In this document, \(R\) is the rank, \(M\) is the number of linear predictors and \(n\) is the number of observations.
A:Of class "matrix", A, which are the
linear `coefficients' of the matrix of latent variables.
It is \(M\) by \(R\).
B1:Of class "matrix", B1.
These correspond to terms of the argument noRRR.
C:Of class "matrix", C, the
canonical coefficients. It has \(R\) columns.
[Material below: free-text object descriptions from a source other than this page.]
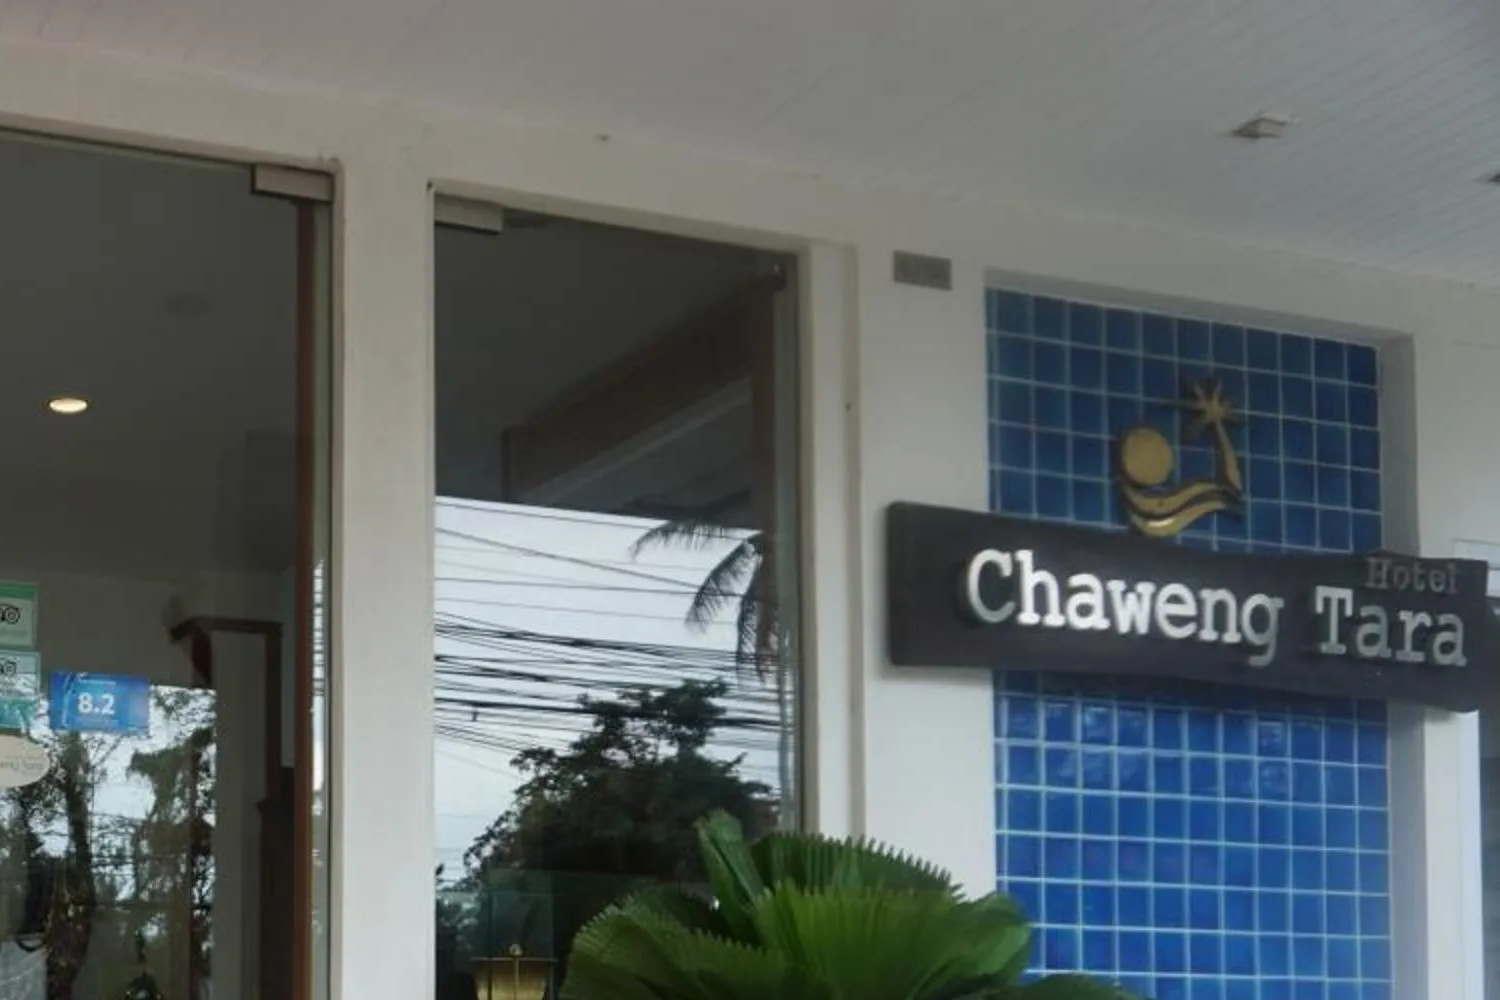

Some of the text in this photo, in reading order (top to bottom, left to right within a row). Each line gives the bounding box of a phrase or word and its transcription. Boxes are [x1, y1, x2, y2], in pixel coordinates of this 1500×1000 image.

[1365, 557, 1459, 595] Hotel
[966, 549, 1467, 667] Chaweng Tara
[78, 692, 115, 715] 8.2
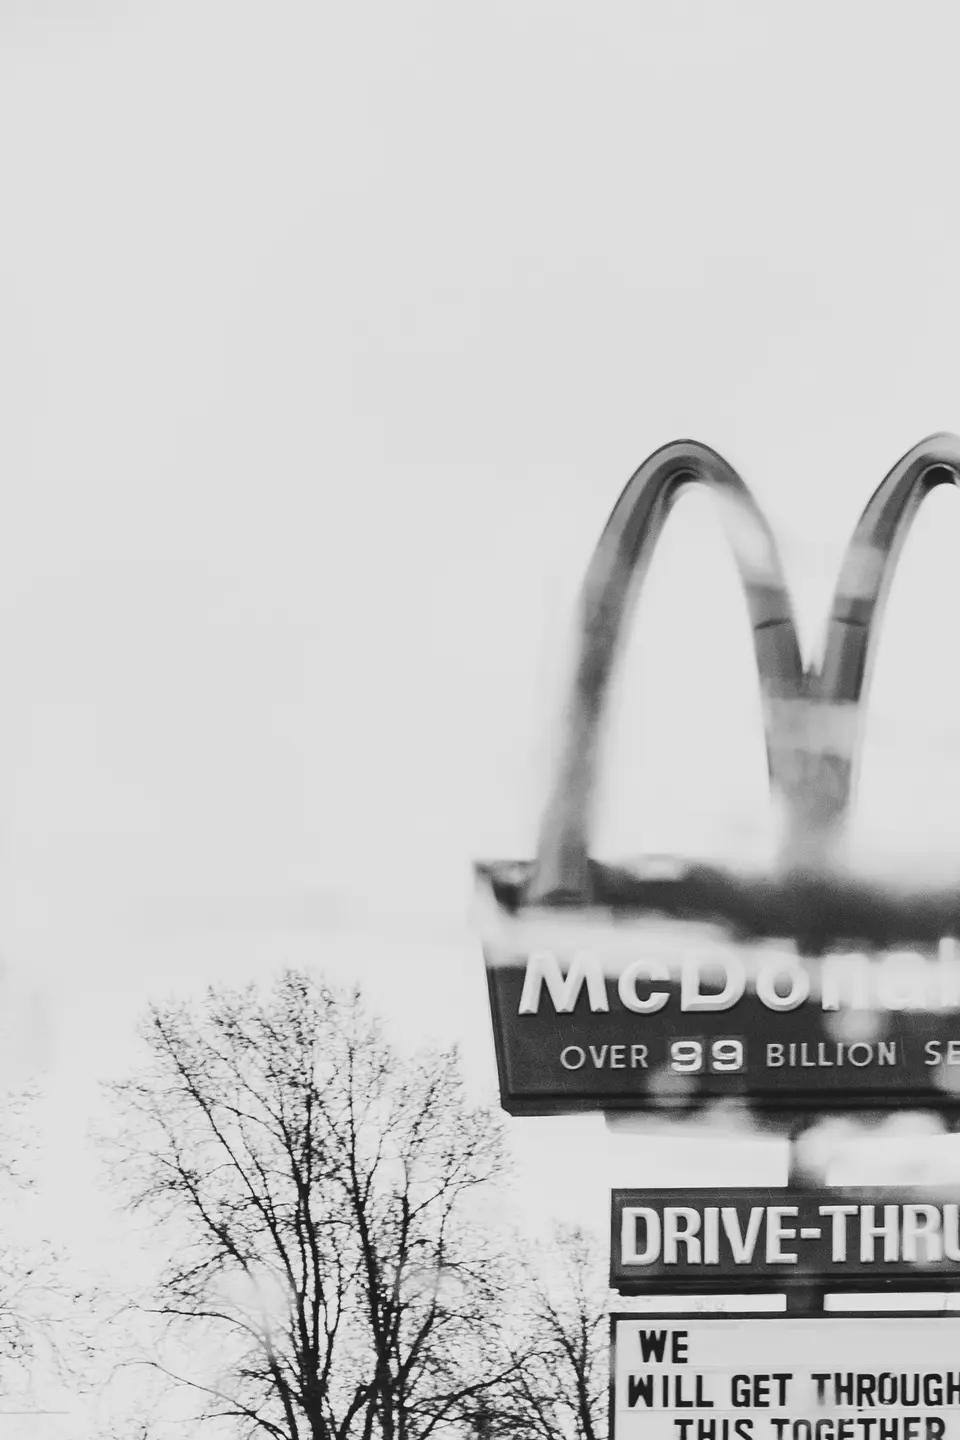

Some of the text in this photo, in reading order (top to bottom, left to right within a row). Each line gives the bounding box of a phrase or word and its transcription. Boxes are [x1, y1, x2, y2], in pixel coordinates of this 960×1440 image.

[560, 1044, 649, 1070] OVER
[669, 1039, 744, 1072] 99
[766, 1042, 897, 1068] BILLION
[639, 1330, 689, 1364] WE
[627, 1373, 714, 1408] WILL
[731, 1373, 793, 1408] GET
Constrained:Logical. Whether the model is a constrained ordination model.
D:Of class "array",
D[,,j] is an order-Rank matrix, for
j = 1,...,\(M\).
Ideally, these are negative-definite in order to make the response
curves/surfaces bell-shaped.
Rank:The rank (dimension, number of latent variables) of the RR-VGLM. Called \(R\).
latvar:\(n\) by \(R\) matrix of latent variable values.
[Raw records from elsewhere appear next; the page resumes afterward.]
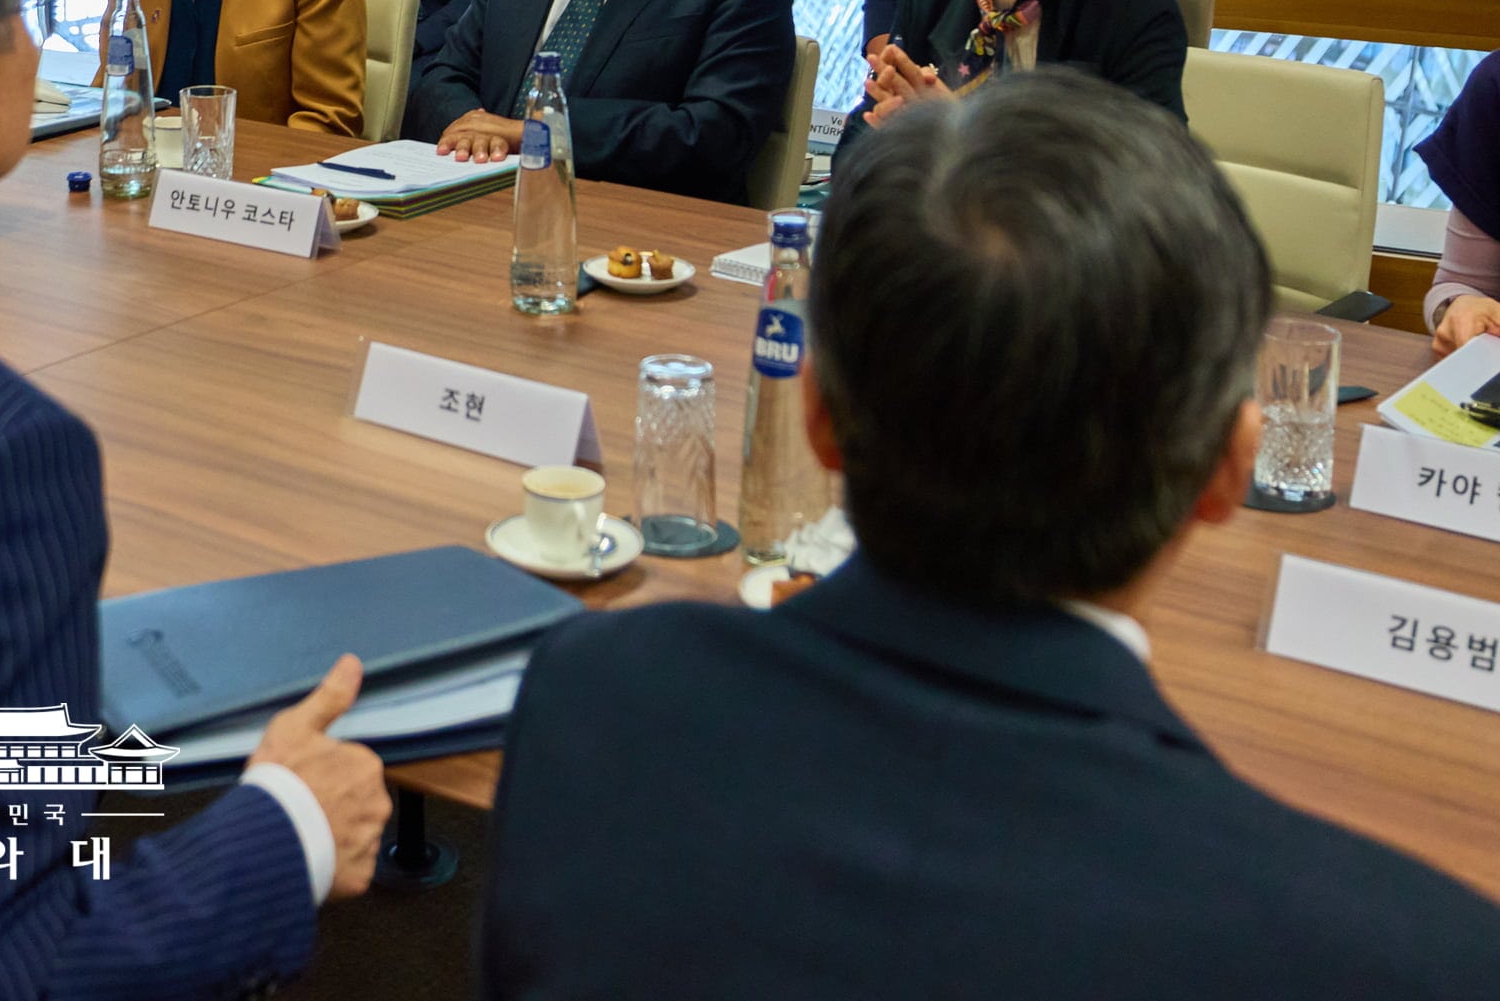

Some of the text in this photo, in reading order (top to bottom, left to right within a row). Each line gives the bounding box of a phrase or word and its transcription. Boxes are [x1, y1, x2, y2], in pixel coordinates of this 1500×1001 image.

[809, 124, 845, 137] NTÜRK
[831, 116, 843, 126] Ve
[170, 189, 296, 232] 안토니우 코스타
[755, 336, 799, 363] BRU
[438, 387, 486, 423] 조현
[1417, 466, 1482, 506] 카야
[1387, 613, 1499, 674] 김용범
latvar.order:Of class "matrix", the permutation
returned when the function
order is applied to each column of latvar.
This enables each column of latvar to be easily sorted.
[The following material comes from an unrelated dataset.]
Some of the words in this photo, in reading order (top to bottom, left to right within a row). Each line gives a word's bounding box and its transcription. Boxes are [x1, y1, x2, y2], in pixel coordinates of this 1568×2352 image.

Maximum:Of class "numeric", the
\(M\) maximum fitted values. That is, the fitted values
at the optimums for noRRR = ~ 1 models.
If noRRR is not ~ 1 then these will be NAs.
NOS:Number of species.
Optimum:Of class "matrix", the values
of the latent variables where the optimums are.
If the curves are not bell-shaped, then the value will
be NA or NaN.
Optimum.order:Of class "matrix", the permutation
returned when the function
order is applied to each column of Optimum.
This enables each row of Optimum to be easily sorted.
bellshaped:Vector of logicals: is each response curve/surface bell-shaped?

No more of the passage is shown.